__Source material__:
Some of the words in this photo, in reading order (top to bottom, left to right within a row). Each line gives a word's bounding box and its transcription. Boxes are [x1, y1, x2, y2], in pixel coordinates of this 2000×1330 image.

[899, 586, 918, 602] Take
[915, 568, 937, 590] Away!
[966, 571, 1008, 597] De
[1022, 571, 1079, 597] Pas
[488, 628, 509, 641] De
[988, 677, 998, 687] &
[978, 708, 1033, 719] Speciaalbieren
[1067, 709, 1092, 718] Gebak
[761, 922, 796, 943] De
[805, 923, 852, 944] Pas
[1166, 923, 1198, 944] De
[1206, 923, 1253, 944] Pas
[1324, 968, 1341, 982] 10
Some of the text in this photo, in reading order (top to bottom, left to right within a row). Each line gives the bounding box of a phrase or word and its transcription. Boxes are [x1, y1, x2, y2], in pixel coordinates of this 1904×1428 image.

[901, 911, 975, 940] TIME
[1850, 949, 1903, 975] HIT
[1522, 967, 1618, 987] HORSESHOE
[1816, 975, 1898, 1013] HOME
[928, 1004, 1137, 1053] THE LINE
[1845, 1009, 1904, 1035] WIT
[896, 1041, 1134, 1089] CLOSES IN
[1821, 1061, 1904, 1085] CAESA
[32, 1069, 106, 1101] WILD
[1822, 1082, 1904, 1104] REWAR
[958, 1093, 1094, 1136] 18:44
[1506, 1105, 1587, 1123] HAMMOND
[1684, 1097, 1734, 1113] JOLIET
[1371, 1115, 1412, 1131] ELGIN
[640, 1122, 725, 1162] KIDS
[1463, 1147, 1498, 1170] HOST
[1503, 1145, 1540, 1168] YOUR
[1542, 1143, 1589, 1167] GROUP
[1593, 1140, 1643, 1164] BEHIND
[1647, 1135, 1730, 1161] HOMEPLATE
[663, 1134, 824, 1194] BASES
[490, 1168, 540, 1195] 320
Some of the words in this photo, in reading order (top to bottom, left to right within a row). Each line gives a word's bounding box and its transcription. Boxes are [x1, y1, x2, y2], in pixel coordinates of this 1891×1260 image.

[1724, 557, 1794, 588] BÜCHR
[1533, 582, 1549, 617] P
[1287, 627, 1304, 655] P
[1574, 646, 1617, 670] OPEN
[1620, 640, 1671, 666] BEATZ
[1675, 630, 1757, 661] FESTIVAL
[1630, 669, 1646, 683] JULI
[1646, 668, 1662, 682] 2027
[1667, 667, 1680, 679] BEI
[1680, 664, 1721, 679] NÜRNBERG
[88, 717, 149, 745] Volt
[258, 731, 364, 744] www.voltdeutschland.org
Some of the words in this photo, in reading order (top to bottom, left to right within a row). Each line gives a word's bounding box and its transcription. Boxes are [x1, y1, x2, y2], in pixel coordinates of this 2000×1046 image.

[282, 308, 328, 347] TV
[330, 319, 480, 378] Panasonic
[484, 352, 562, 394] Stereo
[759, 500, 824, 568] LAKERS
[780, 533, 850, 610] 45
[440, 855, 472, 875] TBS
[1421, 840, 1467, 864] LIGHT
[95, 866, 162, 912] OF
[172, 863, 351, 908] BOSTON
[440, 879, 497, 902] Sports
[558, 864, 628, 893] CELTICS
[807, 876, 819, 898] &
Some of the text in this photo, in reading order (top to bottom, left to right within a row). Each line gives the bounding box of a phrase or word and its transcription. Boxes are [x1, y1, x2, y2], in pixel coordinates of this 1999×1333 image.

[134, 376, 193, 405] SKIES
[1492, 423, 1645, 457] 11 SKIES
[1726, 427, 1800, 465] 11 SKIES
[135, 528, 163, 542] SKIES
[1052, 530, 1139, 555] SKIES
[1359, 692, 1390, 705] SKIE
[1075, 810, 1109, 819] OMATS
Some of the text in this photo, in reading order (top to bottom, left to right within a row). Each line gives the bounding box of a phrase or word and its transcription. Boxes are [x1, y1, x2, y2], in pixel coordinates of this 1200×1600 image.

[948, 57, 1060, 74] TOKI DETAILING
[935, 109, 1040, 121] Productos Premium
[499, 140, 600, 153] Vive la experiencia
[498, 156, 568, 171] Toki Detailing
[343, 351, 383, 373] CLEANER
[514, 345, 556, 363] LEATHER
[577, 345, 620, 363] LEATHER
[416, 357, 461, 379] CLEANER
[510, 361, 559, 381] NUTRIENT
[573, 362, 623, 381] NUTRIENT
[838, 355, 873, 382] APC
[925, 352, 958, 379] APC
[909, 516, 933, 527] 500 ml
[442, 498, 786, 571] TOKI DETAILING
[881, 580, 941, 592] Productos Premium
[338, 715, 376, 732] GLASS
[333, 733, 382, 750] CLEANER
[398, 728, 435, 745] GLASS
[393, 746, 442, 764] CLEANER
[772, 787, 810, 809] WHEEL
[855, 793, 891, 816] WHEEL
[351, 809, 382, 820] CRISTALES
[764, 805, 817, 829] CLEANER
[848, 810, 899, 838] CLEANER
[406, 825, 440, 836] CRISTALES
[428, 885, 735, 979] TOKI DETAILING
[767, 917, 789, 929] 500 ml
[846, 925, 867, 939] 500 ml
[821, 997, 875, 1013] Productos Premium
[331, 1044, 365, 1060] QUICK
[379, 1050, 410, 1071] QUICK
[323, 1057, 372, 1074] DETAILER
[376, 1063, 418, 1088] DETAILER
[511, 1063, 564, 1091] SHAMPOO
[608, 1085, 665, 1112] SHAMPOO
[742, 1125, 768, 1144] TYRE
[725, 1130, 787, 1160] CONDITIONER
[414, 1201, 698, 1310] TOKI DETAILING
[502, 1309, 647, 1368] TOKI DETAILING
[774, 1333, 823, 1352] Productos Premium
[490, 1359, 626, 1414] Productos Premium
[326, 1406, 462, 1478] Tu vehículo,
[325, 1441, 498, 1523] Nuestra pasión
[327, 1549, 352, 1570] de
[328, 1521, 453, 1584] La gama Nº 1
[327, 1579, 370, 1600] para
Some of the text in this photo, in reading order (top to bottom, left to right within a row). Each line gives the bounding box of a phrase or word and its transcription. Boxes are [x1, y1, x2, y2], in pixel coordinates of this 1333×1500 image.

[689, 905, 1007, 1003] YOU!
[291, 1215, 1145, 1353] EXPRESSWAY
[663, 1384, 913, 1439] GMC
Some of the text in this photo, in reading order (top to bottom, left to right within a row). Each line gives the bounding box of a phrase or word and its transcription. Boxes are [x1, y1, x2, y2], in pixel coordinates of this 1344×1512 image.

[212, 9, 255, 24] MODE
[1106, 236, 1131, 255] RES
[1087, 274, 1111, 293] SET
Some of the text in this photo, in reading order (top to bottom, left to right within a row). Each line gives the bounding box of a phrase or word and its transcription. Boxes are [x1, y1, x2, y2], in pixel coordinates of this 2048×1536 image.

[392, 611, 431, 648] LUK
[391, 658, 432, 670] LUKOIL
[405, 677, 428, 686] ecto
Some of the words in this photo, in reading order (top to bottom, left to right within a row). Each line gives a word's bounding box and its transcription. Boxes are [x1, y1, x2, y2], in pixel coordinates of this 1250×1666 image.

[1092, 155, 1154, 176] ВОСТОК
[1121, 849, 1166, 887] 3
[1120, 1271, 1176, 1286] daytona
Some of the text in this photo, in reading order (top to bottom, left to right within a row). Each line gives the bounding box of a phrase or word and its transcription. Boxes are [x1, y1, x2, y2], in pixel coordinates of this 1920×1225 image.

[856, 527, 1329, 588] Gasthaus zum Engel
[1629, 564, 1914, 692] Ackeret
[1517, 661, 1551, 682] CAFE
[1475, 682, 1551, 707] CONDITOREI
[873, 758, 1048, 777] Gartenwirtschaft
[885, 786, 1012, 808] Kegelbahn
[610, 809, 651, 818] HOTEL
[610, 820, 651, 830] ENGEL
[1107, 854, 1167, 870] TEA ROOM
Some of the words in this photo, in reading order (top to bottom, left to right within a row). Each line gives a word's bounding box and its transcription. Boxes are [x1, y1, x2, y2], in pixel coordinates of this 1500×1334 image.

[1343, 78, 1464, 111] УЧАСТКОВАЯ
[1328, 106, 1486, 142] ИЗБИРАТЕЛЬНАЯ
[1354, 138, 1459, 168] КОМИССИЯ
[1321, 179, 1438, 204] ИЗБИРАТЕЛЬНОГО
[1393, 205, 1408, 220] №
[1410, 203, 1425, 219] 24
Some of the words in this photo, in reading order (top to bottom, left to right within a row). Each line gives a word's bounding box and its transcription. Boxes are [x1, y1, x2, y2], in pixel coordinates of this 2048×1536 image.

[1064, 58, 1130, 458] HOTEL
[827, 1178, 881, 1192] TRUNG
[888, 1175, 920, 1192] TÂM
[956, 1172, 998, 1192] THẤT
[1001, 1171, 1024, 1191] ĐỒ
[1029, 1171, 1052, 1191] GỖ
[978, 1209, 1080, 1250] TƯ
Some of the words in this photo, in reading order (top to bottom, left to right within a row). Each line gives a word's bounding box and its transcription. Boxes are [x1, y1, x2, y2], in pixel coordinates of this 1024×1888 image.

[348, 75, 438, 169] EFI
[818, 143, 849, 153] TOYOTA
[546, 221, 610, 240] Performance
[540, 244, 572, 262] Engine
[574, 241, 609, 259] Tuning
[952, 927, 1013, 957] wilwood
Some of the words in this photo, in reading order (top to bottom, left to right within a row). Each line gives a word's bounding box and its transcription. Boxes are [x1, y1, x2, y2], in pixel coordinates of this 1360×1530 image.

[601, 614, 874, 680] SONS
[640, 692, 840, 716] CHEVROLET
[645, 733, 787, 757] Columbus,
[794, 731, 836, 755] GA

__Exercise requirements__: All lines from the one containing "this 1360×1530 image." to the last line of the material above must be copied exactly, and only those.

__Written response__:
Some of the words in this photo, in reading order (top to bottom, left to right within a row). Each line gives a word's bounding box and its transcription. Boxes are [x1, y1, x2, y2], in pixel coordinates of this 1360×1530 image.

[601, 614, 874, 680] SONS
[640, 692, 840, 716] CHEVROLET
[645, 733, 787, 757] Columbus,
[794, 731, 836, 755] GA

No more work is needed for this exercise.